▸ **TASK PROMPT**: Output the full listing below exactly as it reads, and skip anything that is a picture.

▸ **DATA TO EXAMINE**:
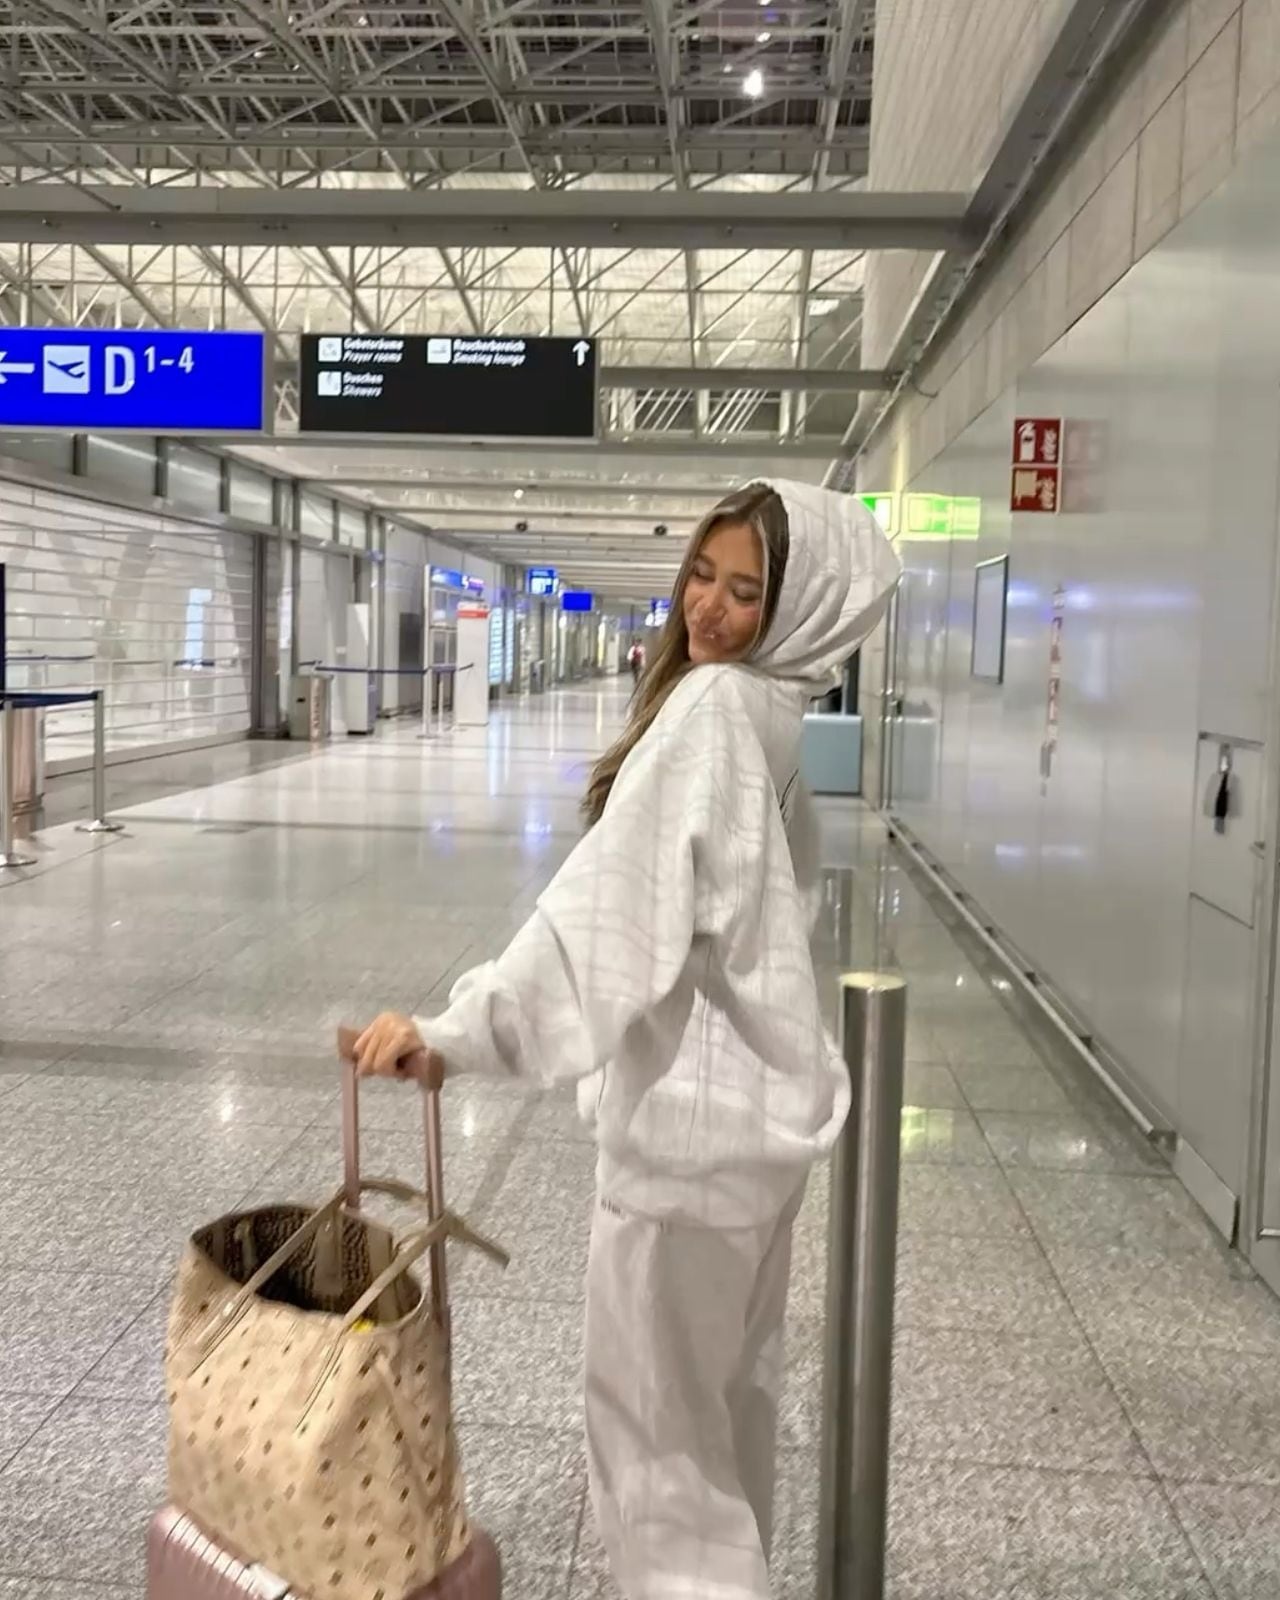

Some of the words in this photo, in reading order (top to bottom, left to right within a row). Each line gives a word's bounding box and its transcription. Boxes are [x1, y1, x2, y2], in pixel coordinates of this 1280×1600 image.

[342, 350, 374, 364] Prayer
[373, 352, 403, 363] rooms
[452, 351, 494, 366] Smoking
[491, 352, 526, 367] lounge
[104, 345, 136, 395] D
[143, 345, 195, 374] 1-4
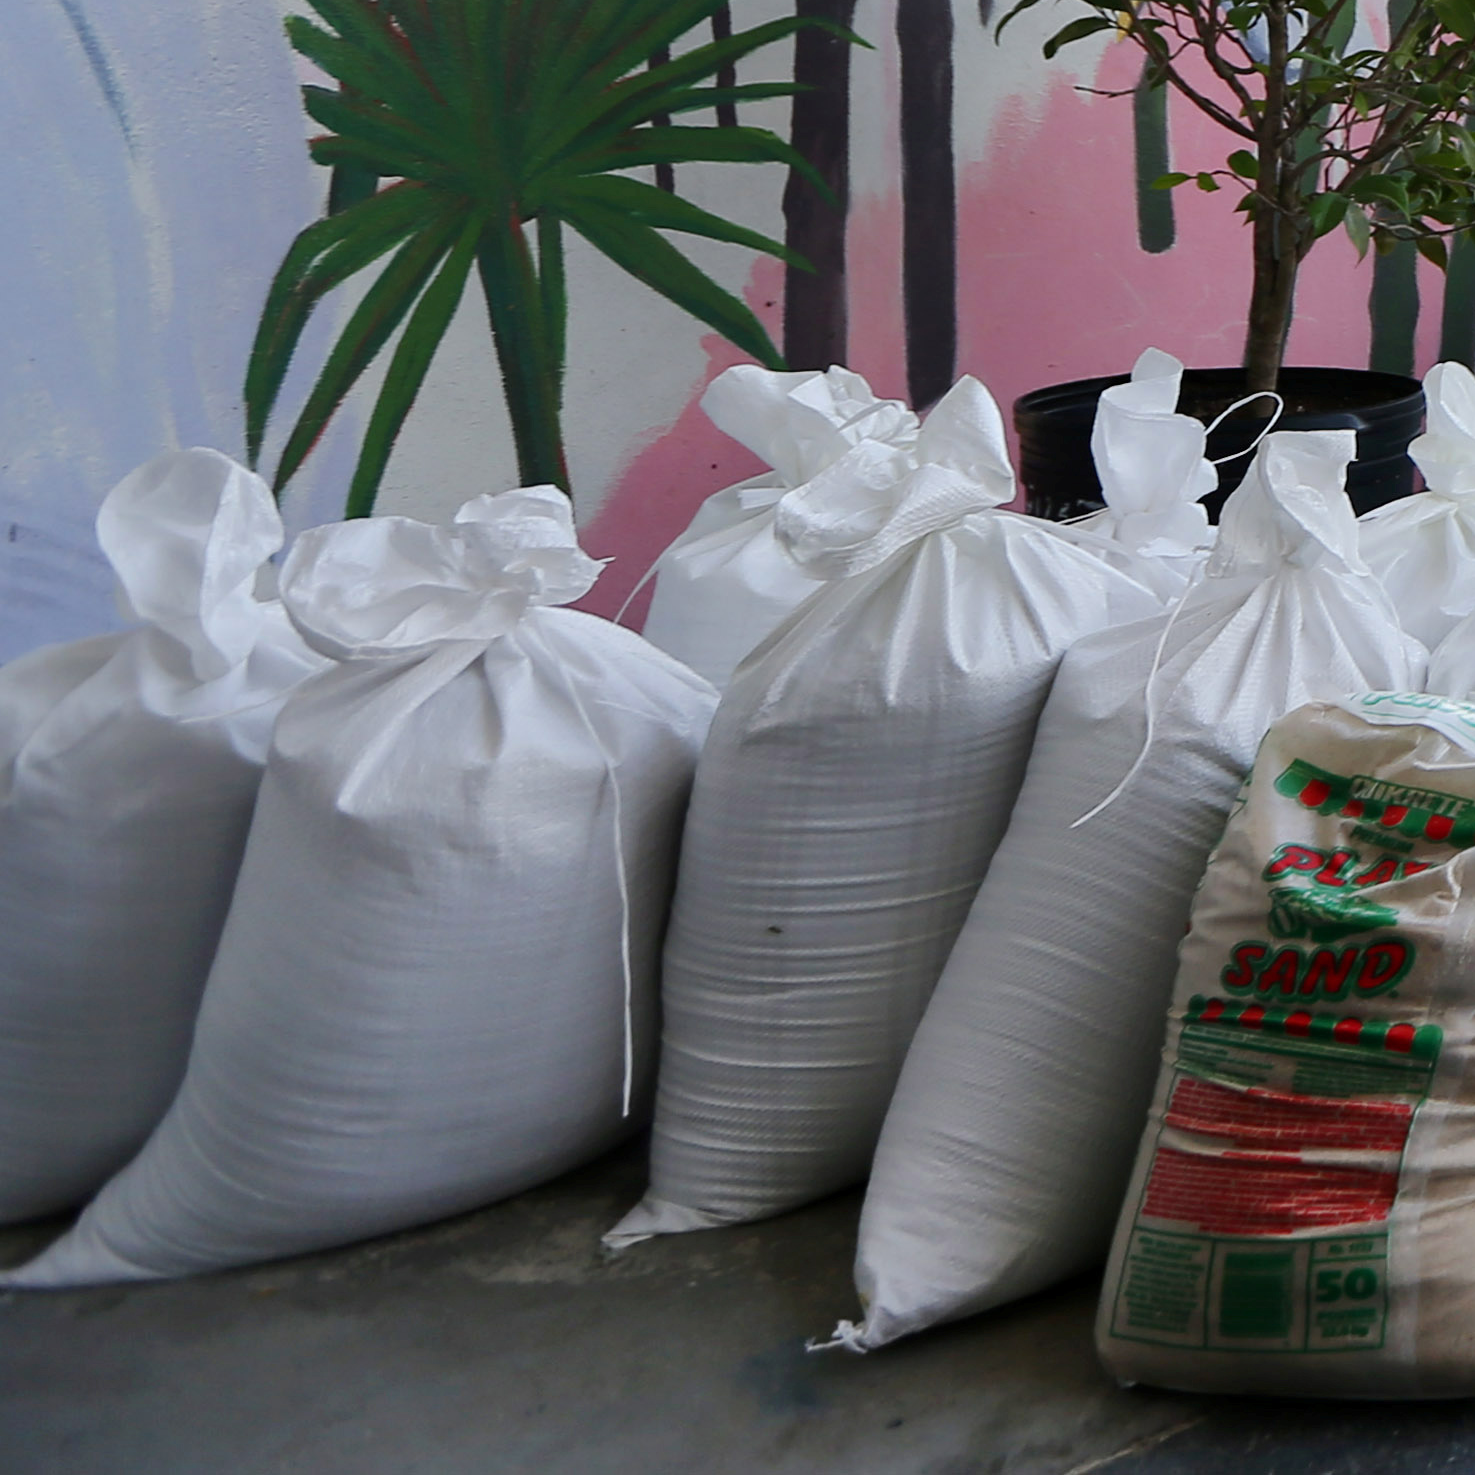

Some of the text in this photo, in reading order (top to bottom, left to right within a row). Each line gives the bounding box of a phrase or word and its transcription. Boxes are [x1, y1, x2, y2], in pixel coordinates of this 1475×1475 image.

[1350, 776, 1470, 817] QUIKRETE
[1220, 938, 1416, 1002] SAND
[1315, 1267, 1378, 1303] 50
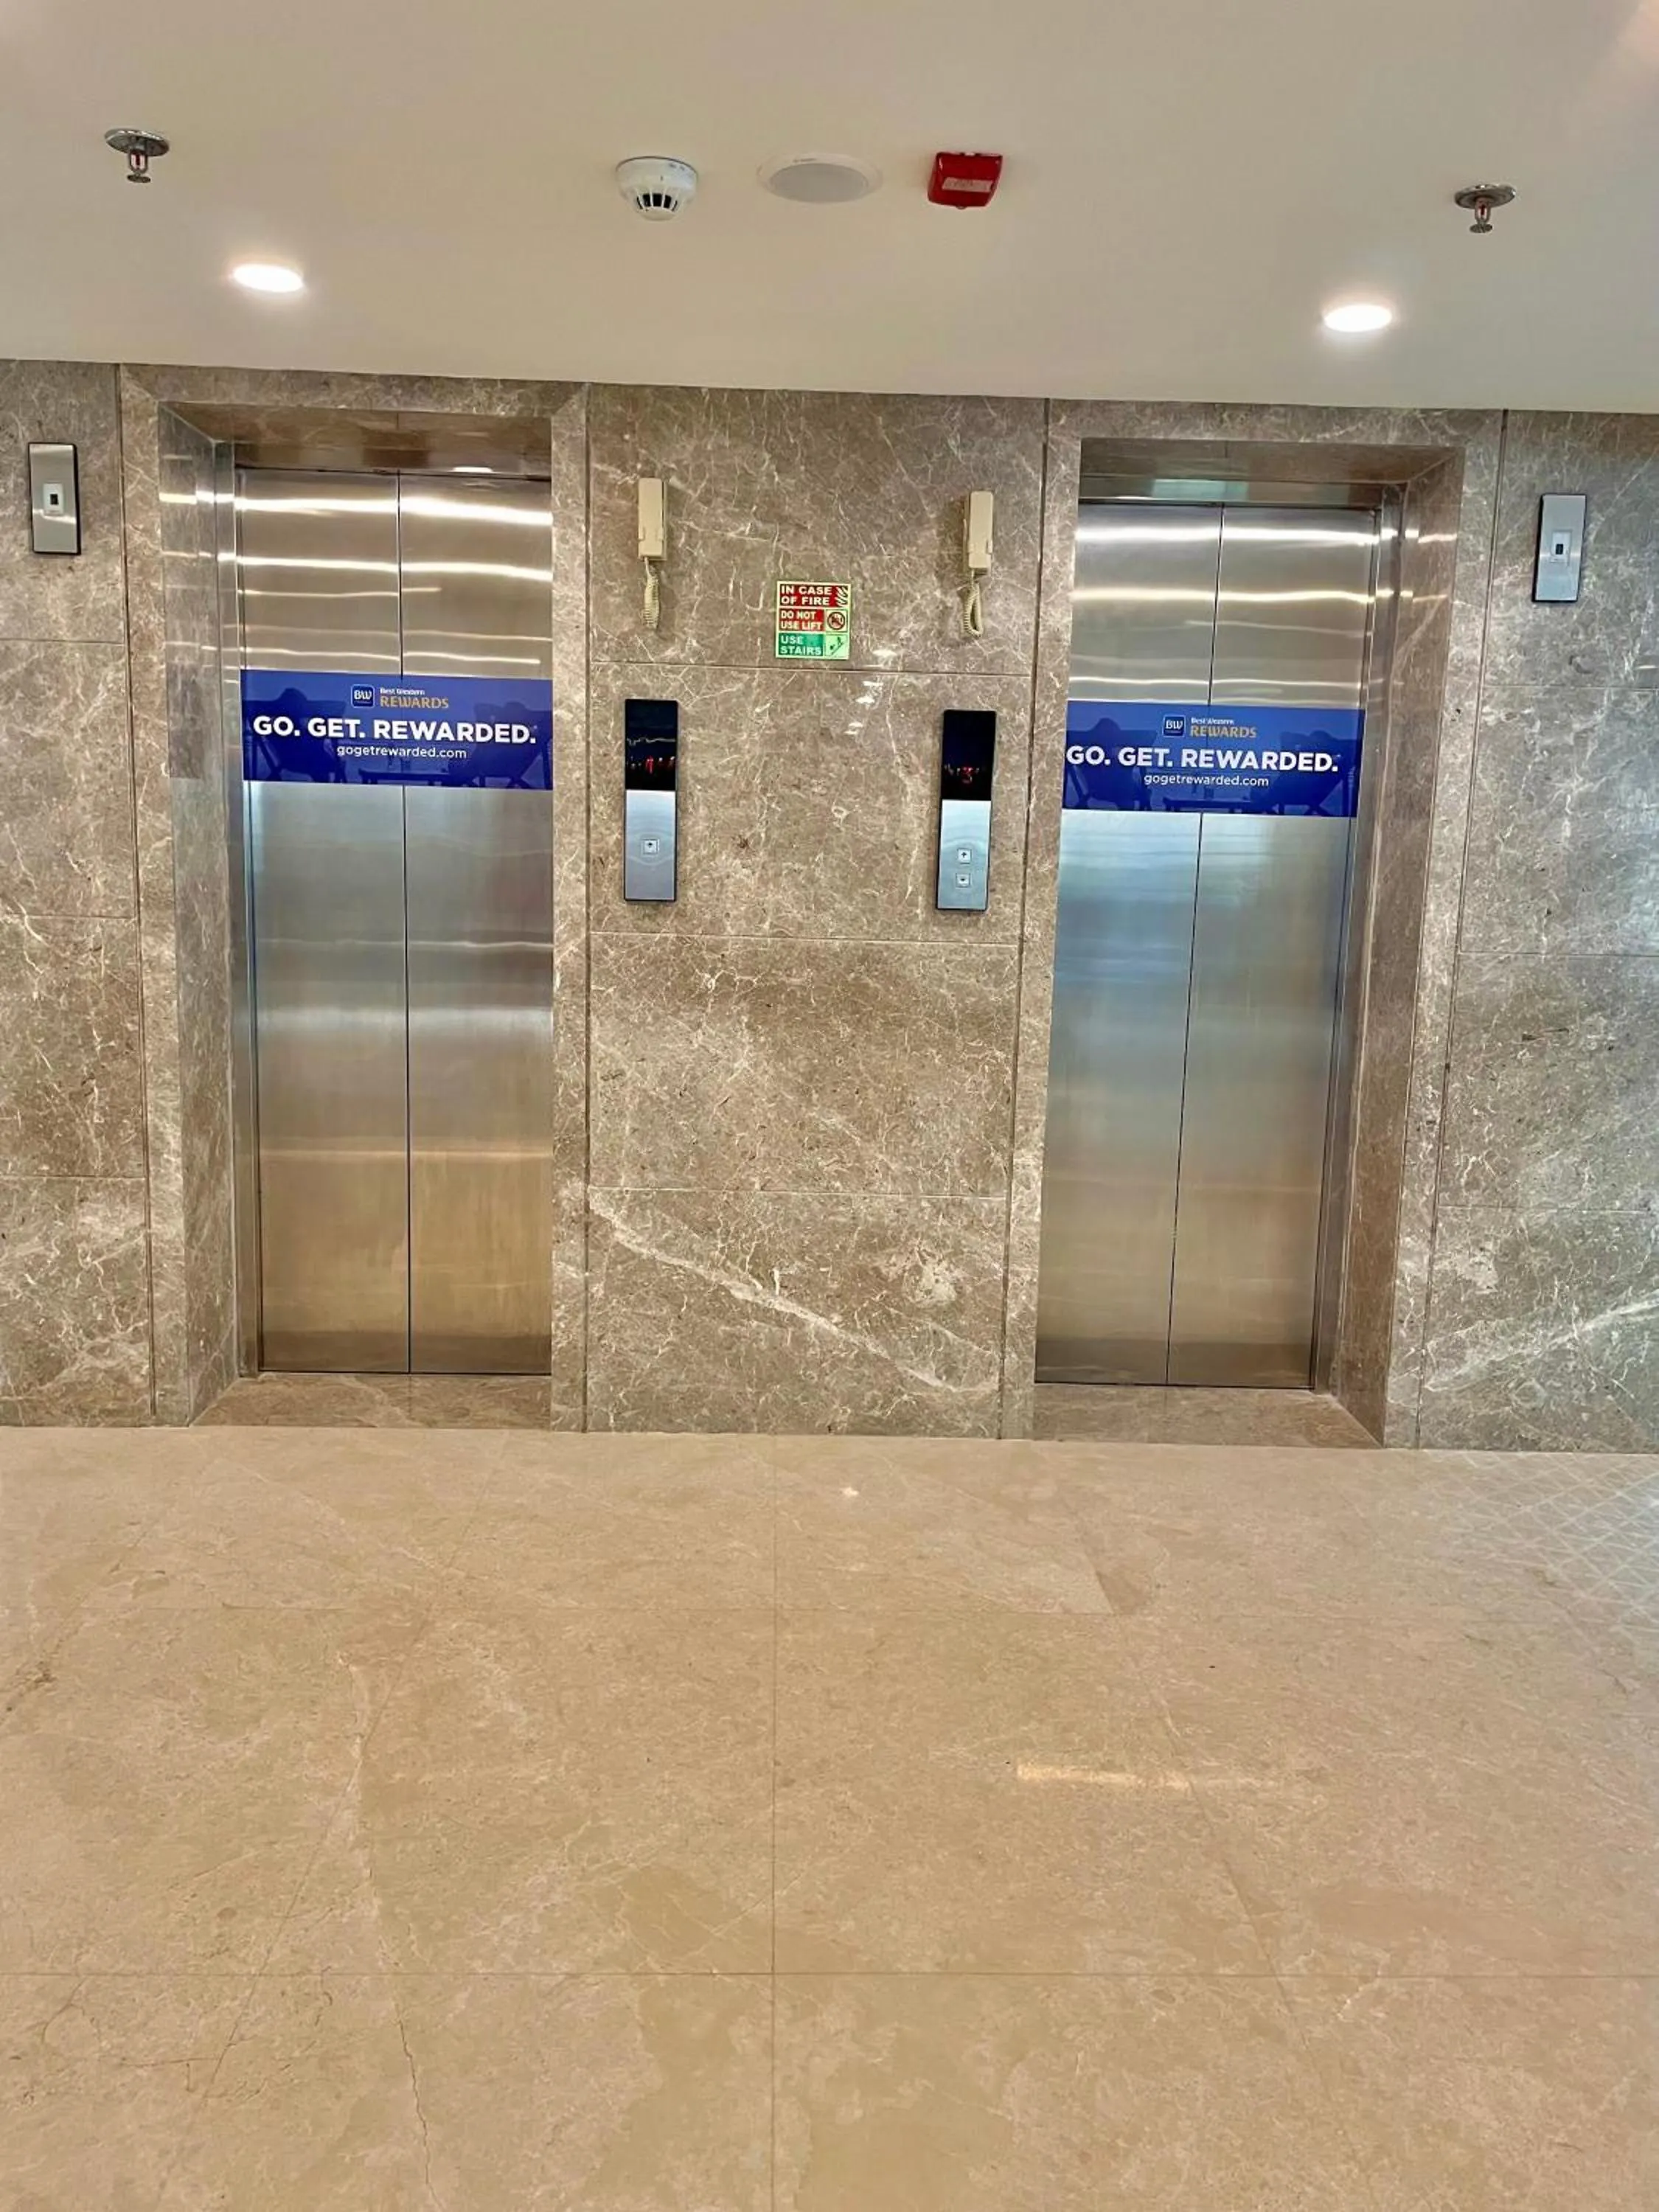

▸ **RESULT FOR THIS TASK**:
Some of the words in this photo, in reading order (top to bottom, left to right within a row). Each line gives a word's bounding box and its transcription. Boxes are [x1, y1, x2, y2], in pixel coordinates of this 1280×1600 image.

[342, 350, 374, 364] Prayer
[373, 352, 403, 363] rooms
[452, 351, 494, 366] Smoking
[491, 352, 526, 367] lounge
[104, 345, 136, 395] D
[143, 345, 195, 374] 1-4

Some of the text in this photo, in reading order (top to bottom, left to right within a row). Each line gives the bounding box of a phrase or word and its transcription. Boxes are [x1, y1, x2, y2], in pixel coordinates of this 1475×1475 image.

[1350, 776, 1470, 817] QUIKRETE
[1220, 938, 1416, 1002] SAND
[1315, 1267, 1378, 1303] 50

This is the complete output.